Architecture Overview
┌─────────────────────────────────────────────────────────────┐
│ Meeting Audio File │
└────────────────────────┬────────────────────────────────────┘
│
▼
┌────────────────────────────────────┐
│ Whisper (speech-to-text) │
│ - Local or API │
│ - Timestamps + speaker labels │
└────────────────┬───────────────────┘
│
▼
┌────────────────────────────────────┐
│ Segment by speaker turns │
│ - Group into logical chunks │
│ - Max 300 tokens per segment │
└────────────────┬───────────────────┘
│
▼
┌────────────────────────────────────┐
│ Classify segments │
│ - Decision/Action/Discussion │
│ - Cheap LLM (Claude Haiku) │
└────────────────┬───────────────────┘
│
┌───────────────┼───────────────────┐
│ │ │
▼ ▼ ▼
┌────────┐ ┌────────┐ ┌──────────┐
│Decision│ │ Action │ │Discussion│
│ (skip) │ │(extract)│ │ (skip) │
└────────┘ └────┬───┘ └──────────┘
│
▼
┌────────────────────────────────────┐
│ Extract task details │
│ - Owner, deadline, dependencies │
│ - More capable LLM (Claude 3.5) │
└────────────────┬───────────────────┘
│
▼
┌────────────────────────────────────┐
│ Structured output (JSON) │
│ - Deduplicate │
│ - Route to project management │
└────────────────────────────────────┘
The key insight: use cheap models for classification, expensive ones only for extraction. This cuts costs by 70%.

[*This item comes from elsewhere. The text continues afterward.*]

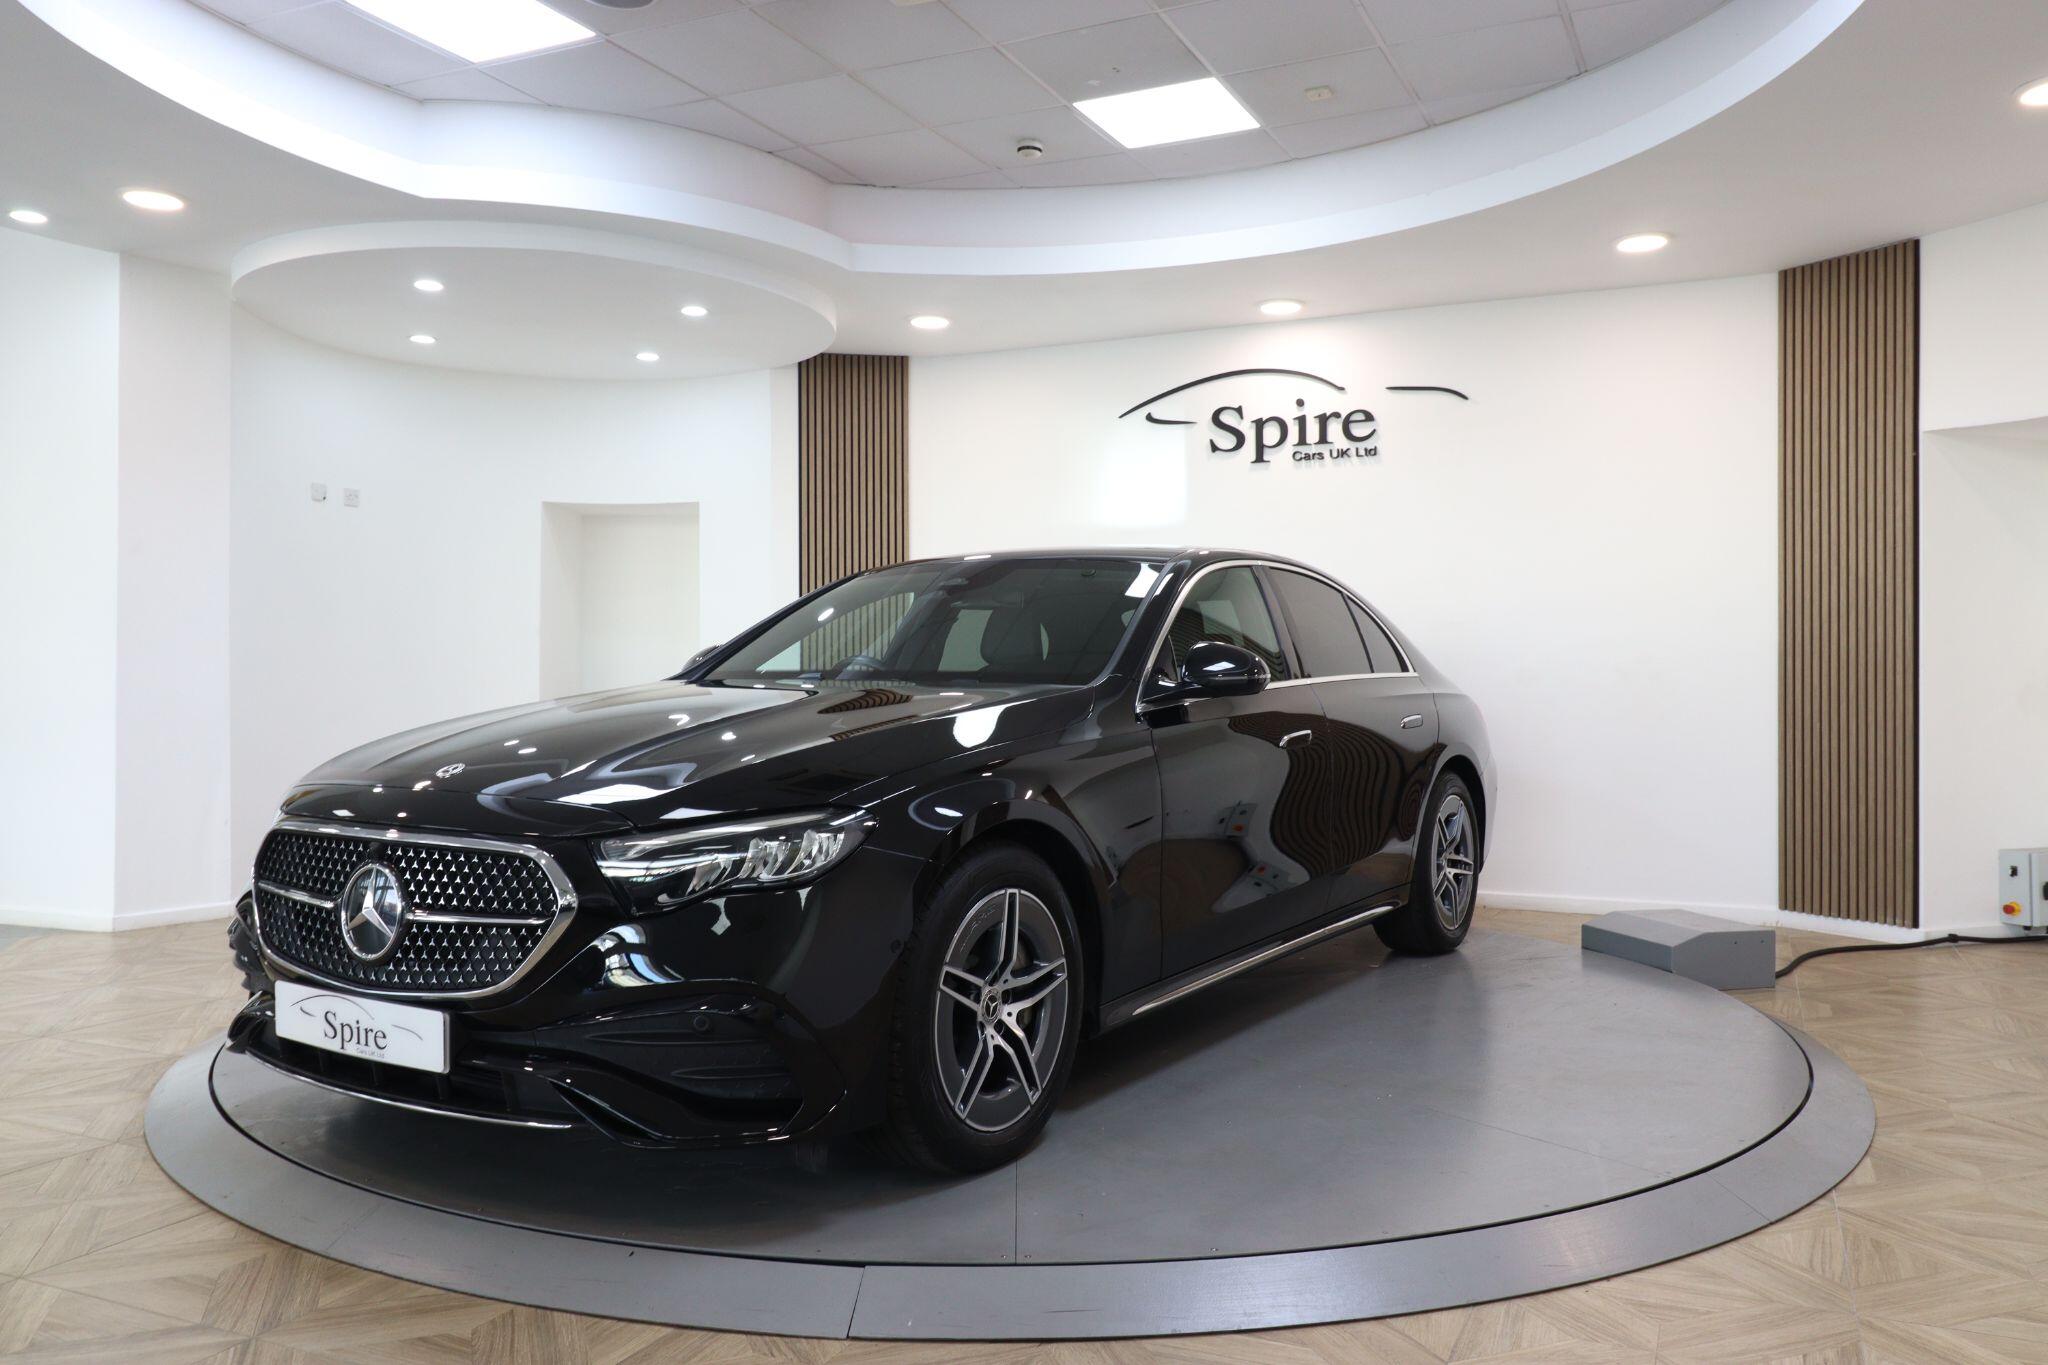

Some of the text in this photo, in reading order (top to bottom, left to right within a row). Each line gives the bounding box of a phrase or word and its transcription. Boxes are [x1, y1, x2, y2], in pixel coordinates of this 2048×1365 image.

[1209, 397, 1376, 464] Spire
[1292, 446, 1377, 462] Cars UK Ltd
[324, 1010, 387, 1050] Spire

Implementation: The Real Code
Here's the production pipeline I use, simplified for clarity:
import anthropic
import json
from typing import TypedDict
class TaskExtraction(TypedDict):
owner: str
task: str
deadline: str
priority: str
dependencies: list[str]
class MeetingProcessor:
def __init__(self, api_key: str):
self.client = anthropic.Anthropic(api_key=api_key)
def segment_transcript(self, transcript: str, max_tokens: int = 300) -> list[str]:
"""Split transcript into speaker segments, respecting token boundaries."""
segments = []
current_segment = ""
for line in transcript.split("\n"):
if len(current_segment.split()) > max_tokens:
segments.append(current_segment)
current_segment = line
else:
current_segment += "\n" + line
if current_segment:
segments.append(current_segment)
return segments
def classify_segment(self, segment: str) -> str:
"""Cheap classification: is this an action, decision, or discussion?"""

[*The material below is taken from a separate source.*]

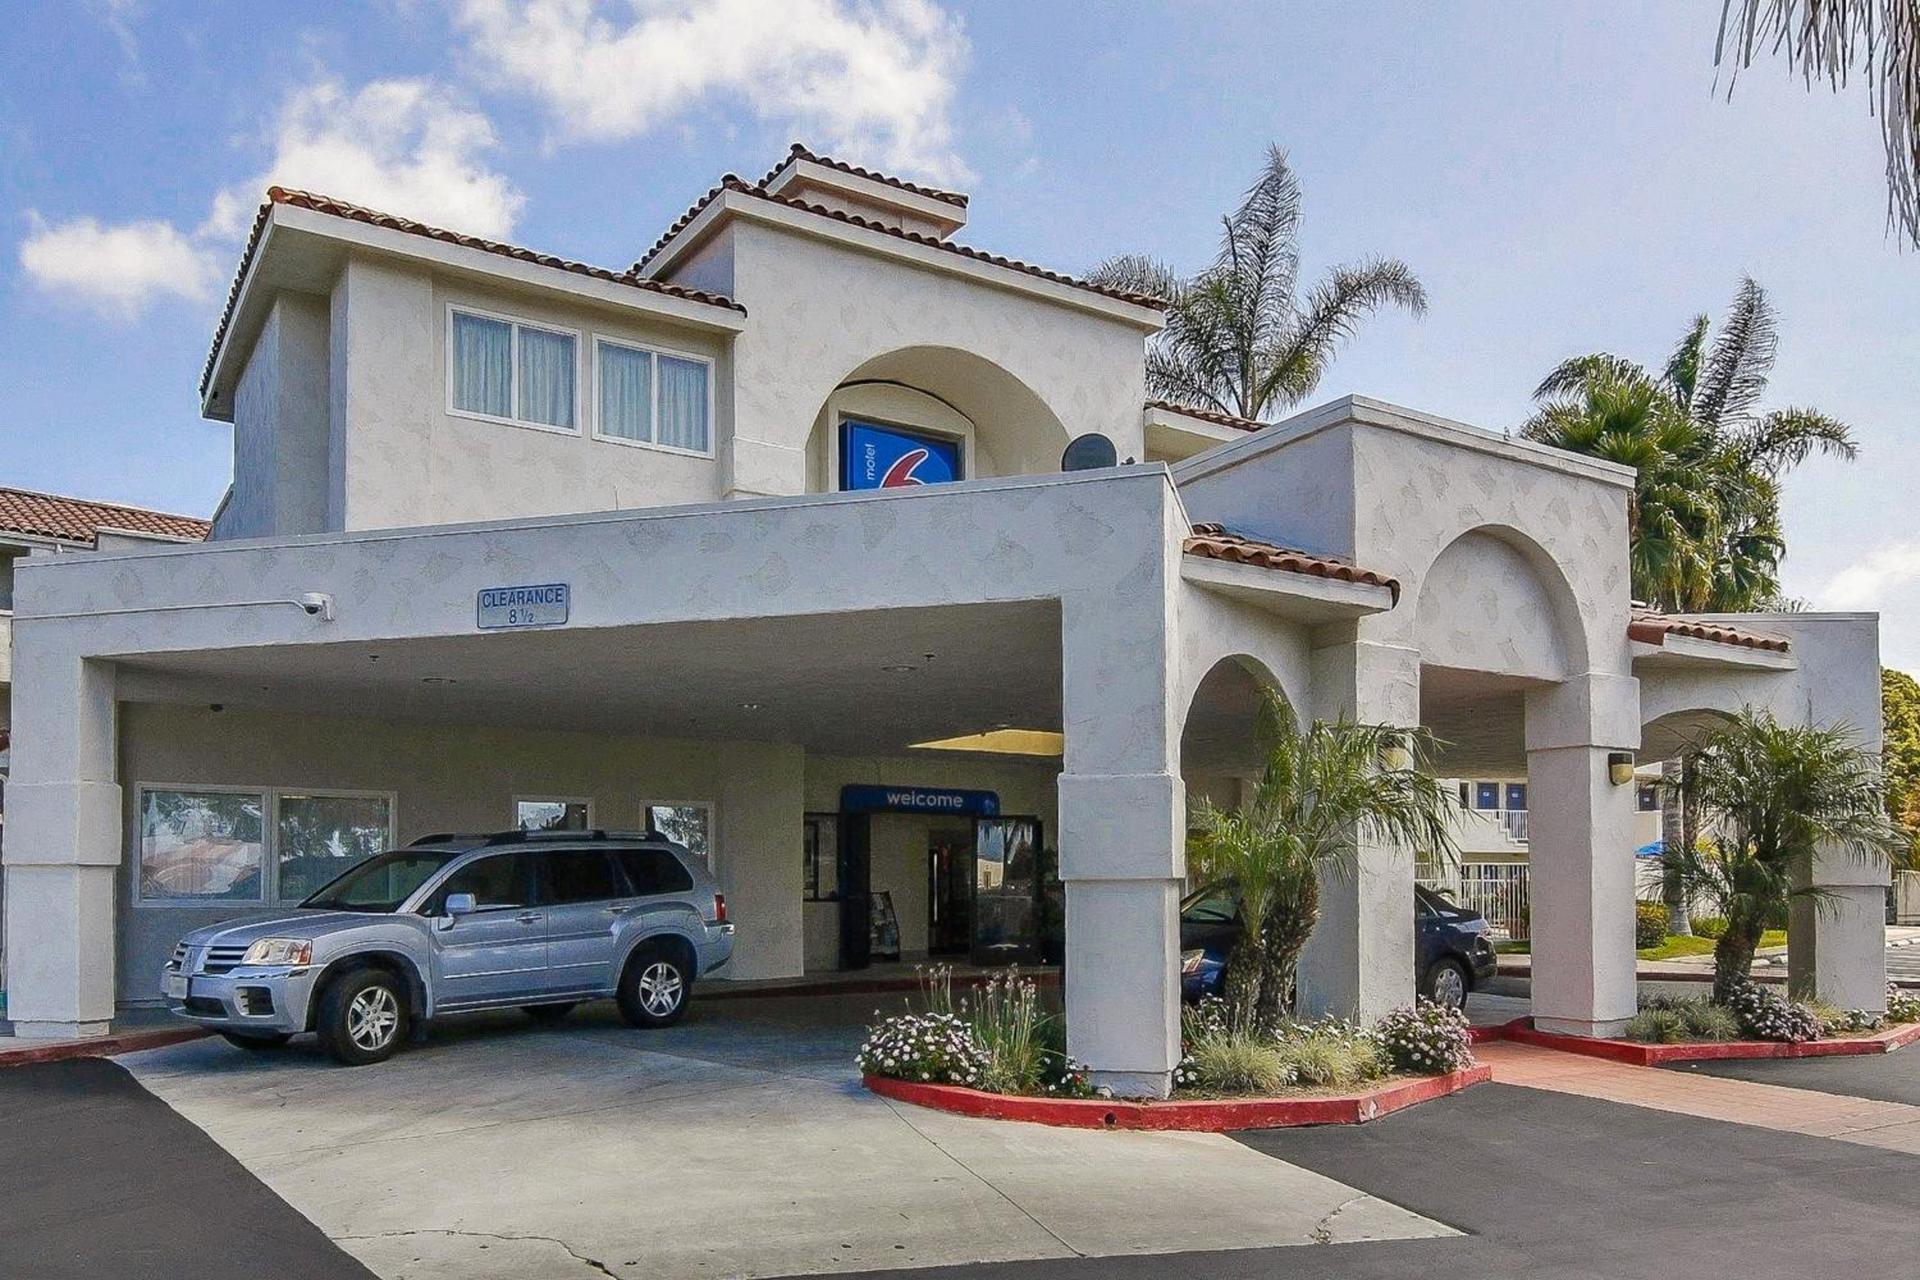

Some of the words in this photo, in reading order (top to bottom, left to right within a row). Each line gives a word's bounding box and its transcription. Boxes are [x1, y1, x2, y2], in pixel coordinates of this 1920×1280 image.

[864, 443, 876, 481] motel
[482, 588, 564, 608] CLEARANCE
[887, 790, 964, 807] welcome

response = self.client.messages.create(
model="claude-3-5-haiku-20241022",
max_tokens=50,
messages=[
{
"role": "user",
"content": f"""Classify this meeting segment as one of: ACTION, DECISION, DISCUSSION.
Segment:
{segment}
Return only the classification word."""
}
]
)
return response.content[0].text.strip()
def extract_tasks(self, segments_with_context: list[dict]) -> list[TaskExtraction]:
"""Extract structured tasks from ACTION segments only."""
action_segments = [
s for s in segments_with_context
if s["classification"] == "ACTION"
]
if not action_segments:
return []
combined_context = "\n\n".join([
f"[{s['timestamp']}] {s['text']}"
for s in action_segments
])
response = self.client.messages.create(
model="claude-3-5-sonnet-20241022",
max_tokens=1500,
messages=[
{
"role": "user",
"content": f"""Extract all action items from this meeting excerpt.

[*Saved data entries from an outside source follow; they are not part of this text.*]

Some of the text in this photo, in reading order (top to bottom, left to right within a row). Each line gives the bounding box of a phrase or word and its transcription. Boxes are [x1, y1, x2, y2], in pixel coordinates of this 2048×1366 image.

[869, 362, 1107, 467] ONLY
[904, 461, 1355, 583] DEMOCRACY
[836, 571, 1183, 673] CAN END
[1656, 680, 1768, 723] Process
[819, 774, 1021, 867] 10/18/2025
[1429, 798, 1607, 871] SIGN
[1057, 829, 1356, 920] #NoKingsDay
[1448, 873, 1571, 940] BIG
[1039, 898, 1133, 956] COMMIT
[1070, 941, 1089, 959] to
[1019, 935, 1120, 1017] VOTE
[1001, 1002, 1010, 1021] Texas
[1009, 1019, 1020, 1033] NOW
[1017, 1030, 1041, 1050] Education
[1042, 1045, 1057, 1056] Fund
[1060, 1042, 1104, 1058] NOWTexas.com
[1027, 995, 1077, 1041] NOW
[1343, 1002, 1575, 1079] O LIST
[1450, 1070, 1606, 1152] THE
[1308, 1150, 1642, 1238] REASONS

Return a JSON array of tasks with this structure:
{{
"owner": "person name or 'TBD'",
"task": "specific action",
"deadline": "date or 'ASAP' or 'TBD'",
"priority": "high/medium/low",
"dependencies": ["other task ids if mentioned"]
}}
Meeting excerpt:
{combined_context}
Return ONLY valid JSON array, no markdown formatting."""
}
]
)
try:
tasks = json.loads(response.content[0].text)
return tasks
except json.JSONDecodeError:
print(f"Failed to parse: {response.content[0].text}")
return []
def process_meeting(self, transcript: str) -> list[TaskExtraction]:
"""Full pipeline: segment → classify → extract."""
segments = self.segment_transcript(transcript)
# Classify all segments (cheap pass)
segments_with_class = [
{
"text": seg,
"classification": self.classify_segment(seg),
"timestamp": "0:00" # You'd extract real timestamps
}
for seg in segments
]
# Extract tasks from ACTION segments only
tasks = self.extract_tasks(segments_with_class)
# Deduplicate by task description
seen = set()
unique_tasks = []
for task in tasks:
task_key = (task["owner"], task["task"])
if task_key not in seen:
seen.add(task_key)
unique_tasks.append(task)
return unique_tasks
# Usage
processor = MeetingProcessor(api_key="your-key")
with open("meeting_transcript.txt") as f:
transcript = f.read()
tasks = processor.process_meeting(transcript)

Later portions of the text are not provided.